== ACTION ITEM ==
Restate word for word all of the lines below, with each image left out.

== ENTRIES SUPPLIED ==
########
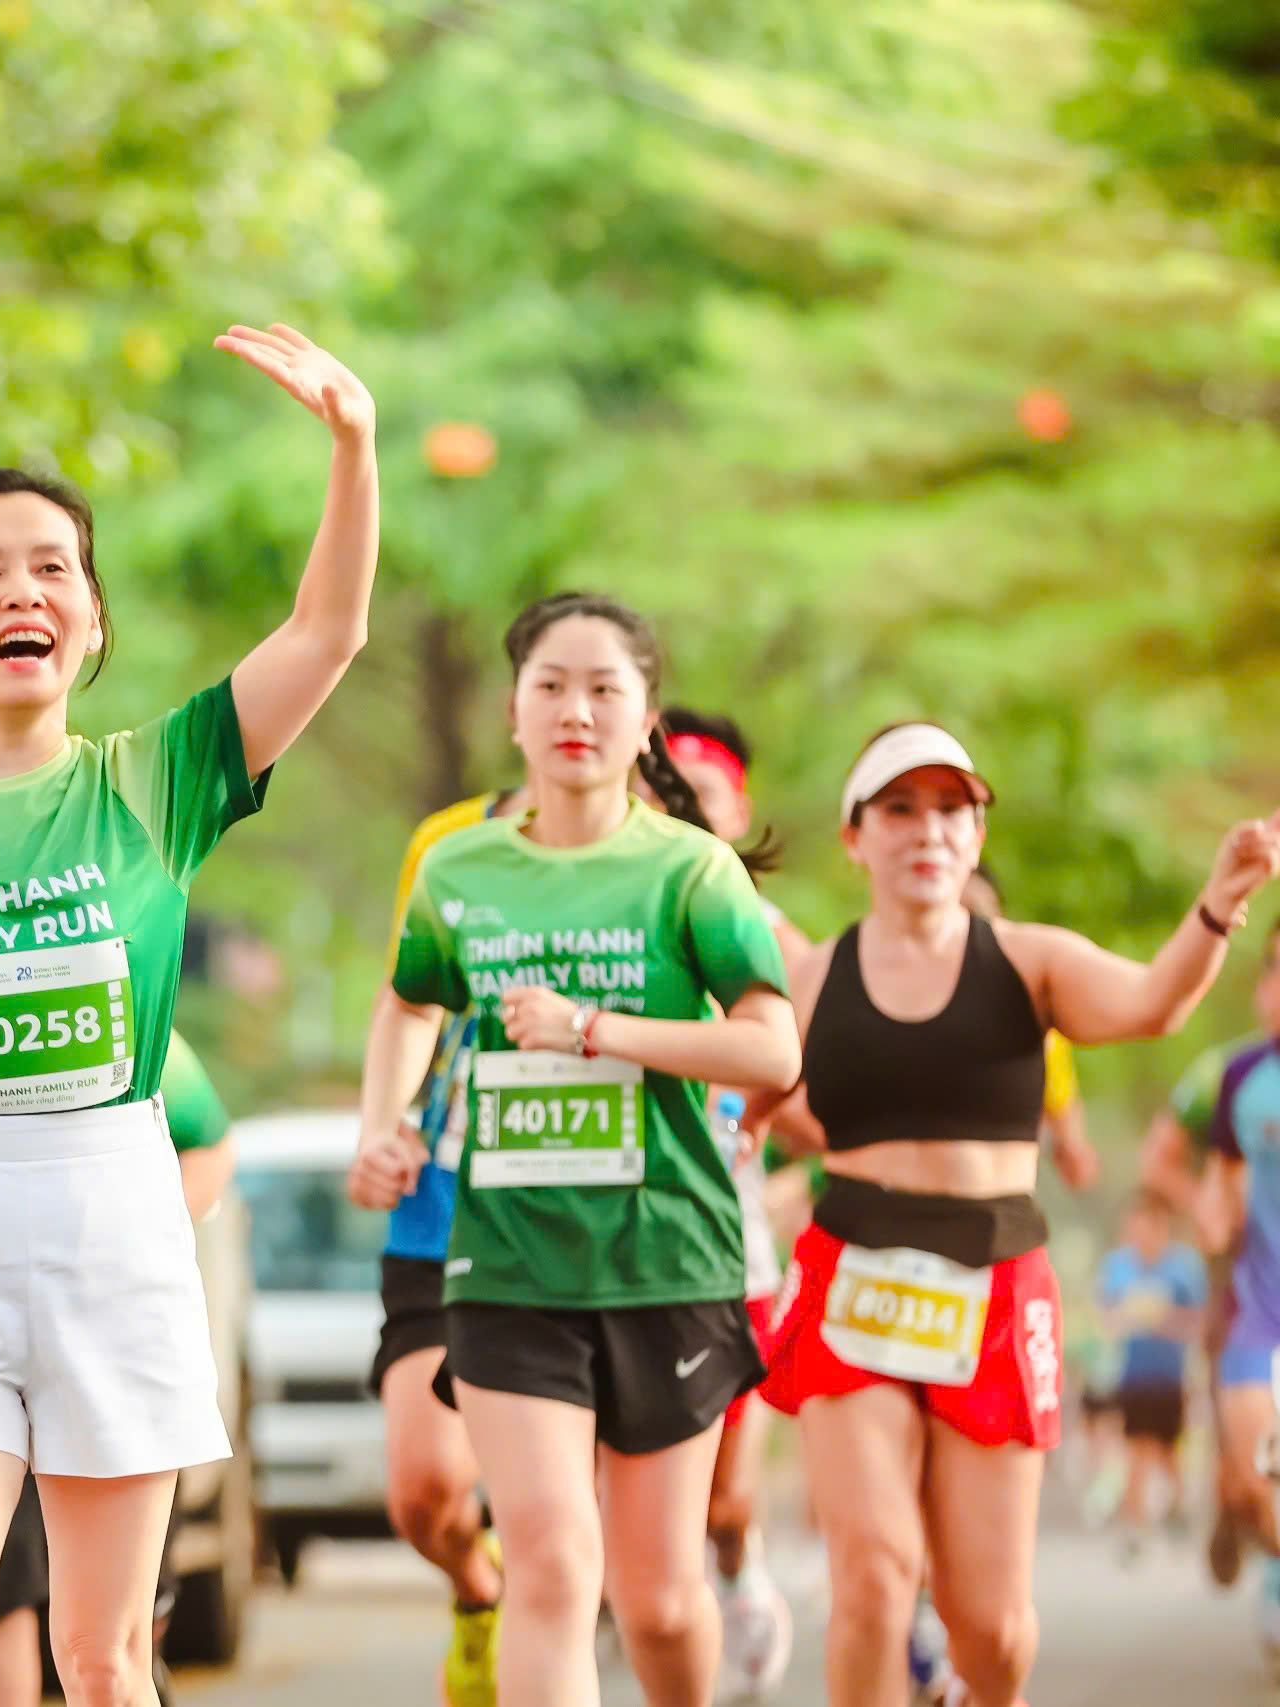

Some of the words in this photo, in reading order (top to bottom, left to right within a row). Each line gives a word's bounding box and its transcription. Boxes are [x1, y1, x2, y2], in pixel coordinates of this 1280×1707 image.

[32, 900, 114, 945] RUN
[466, 929, 545, 966] THIỆN
[552, 927, 646, 961] HẠNH
[470, 961, 573, 999] FAMILY
[577, 960, 646, 990] RUN
[0, 1087, 32, 1098] HẠNH
[35, 1082, 74, 1095] FAMILY
[77, 1077, 99, 1089] RUN
[502, 1098, 610, 1136] 40171
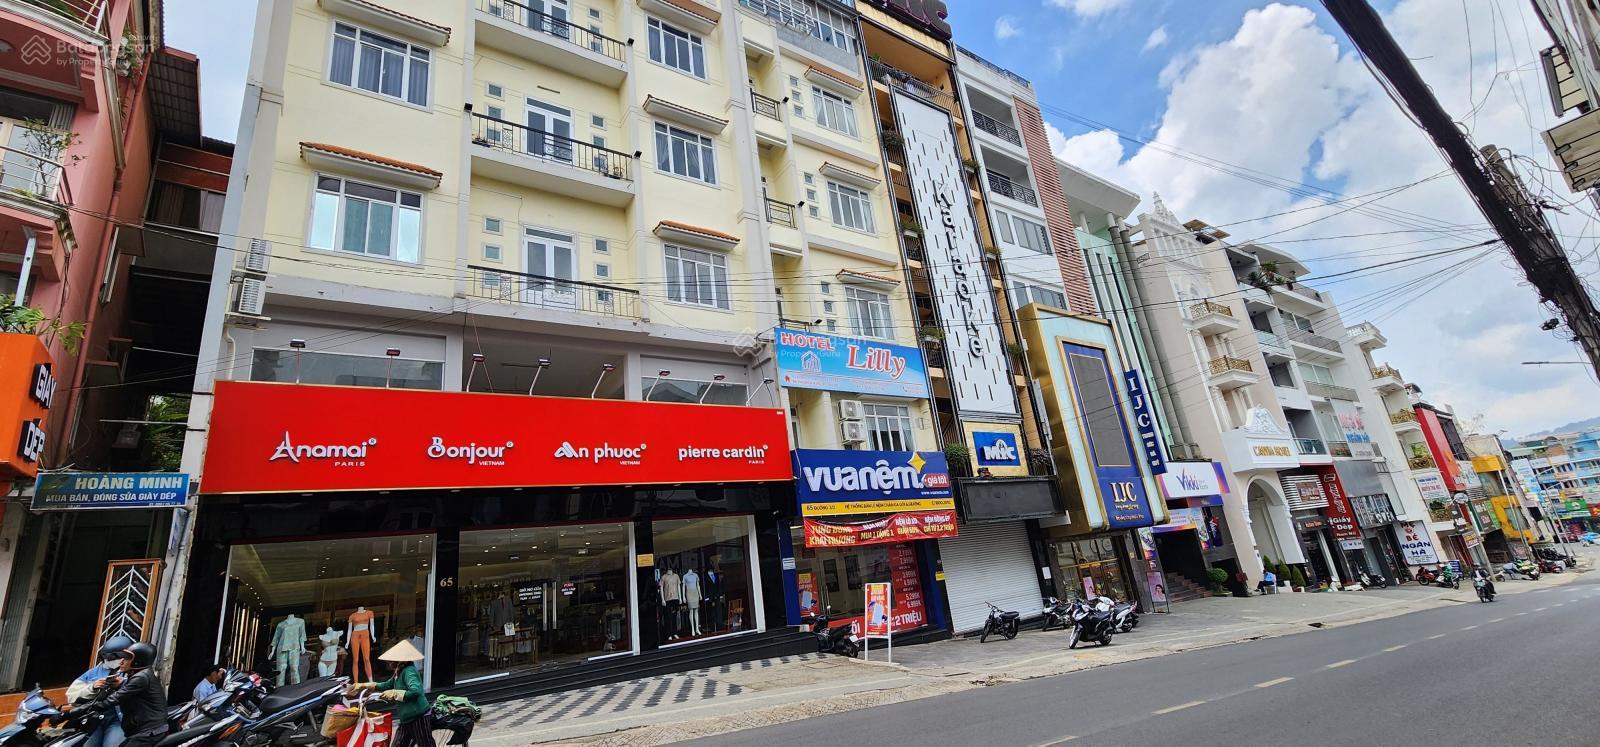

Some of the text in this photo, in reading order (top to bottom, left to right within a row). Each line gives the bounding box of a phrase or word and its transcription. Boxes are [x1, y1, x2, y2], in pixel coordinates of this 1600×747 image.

[932, 179, 983, 357] Karaoke
[781, 331, 835, 351] HOTEL
[847, 345, 906, 379] Lilly
[1127, 377, 1150, 428] IJC
[269, 431, 367, 462] Anamai
[427, 436, 506, 464] Bonjour
[594, 442, 641, 463] phuoc
[678, 444, 765, 461] pierre cardin
[75, 475, 183, 490] HOÀNG MINH
[1110, 482, 1137, 502] IJC
[160, 491, 176, 500] DÉP
[440, 577, 453, 587] 65
[901, 610, 922, 625] TRIỆU
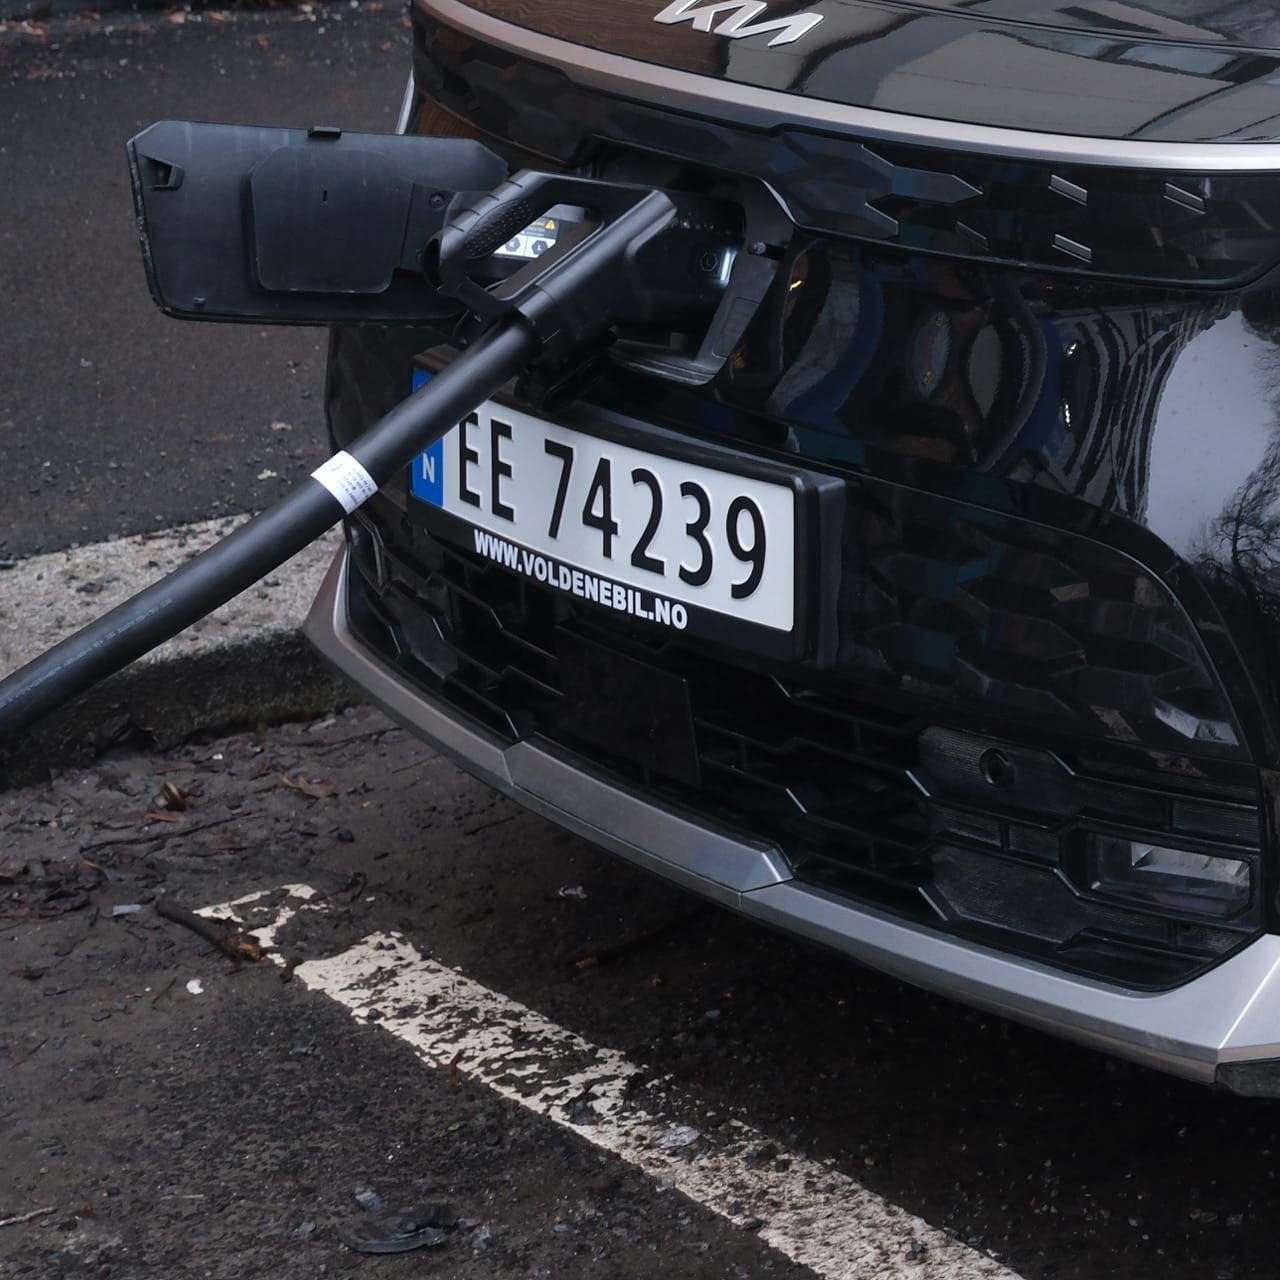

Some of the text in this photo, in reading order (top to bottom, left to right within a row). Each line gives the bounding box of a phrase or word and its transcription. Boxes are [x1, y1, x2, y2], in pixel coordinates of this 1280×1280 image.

[422, 452, 436, 484] N
[459, 412, 767, 600] EE 74239
[473, 528, 689, 631] WWW.VOLDENEBIL.NO
########
== RESPONSE TO THE EXERCISE ==
Some of the words in this photo, in reading order (top to bottom, left to right within a row). Each line gives a word's bounding box and its transcription. Boxes are [x1, y1, x2, y2], in pixel coordinates of this 1280×1707 image.

[32, 900, 114, 945] RUN
[466, 929, 545, 966] THIỆN
[552, 927, 646, 961] HẠNH
[470, 961, 573, 999] FAMILY
[577, 960, 646, 990] RUN
[0, 1087, 32, 1098] HẠNH
[35, 1082, 74, 1095] FAMILY
[77, 1077, 99, 1089] RUN
[502, 1098, 610, 1136] 40171

Some of the text in this photo, in reading order (top to bottom, left to right within a row). Each line gives the bounding box of a phrase or word and its transcription. Boxes are [x1, y1, x2, y2], in pixel coordinates of this 1600×747 image.

[932, 179, 983, 357] Karaoke
[781, 331, 835, 351] HOTEL
[847, 345, 906, 379] Lilly
[1127, 377, 1150, 428] IJC
[269, 431, 367, 462] Anamai
[427, 436, 506, 464] Bonjour
[594, 442, 641, 463] phuoc
[678, 444, 765, 461] pierre cardin
[75, 475, 183, 490] HOÀNG MINH
[1110, 482, 1137, 502] IJC
[160, 491, 176, 500] DÉP
[440, 577, 453, 587] 65
[901, 610, 922, 625] TRIỆU

Some of the text in this photo, in reading order (top to bottom, left to right within a row). Each line gives the bounding box of a phrase or word and its transcription. Boxes are [x1, y1, x2, y2], in pixel coordinates of this 1280×1280 image.

[422, 452, 436, 484] N
[459, 412, 767, 600] EE 74239
[473, 528, 689, 631] WWW.VOLDENEBIL.NO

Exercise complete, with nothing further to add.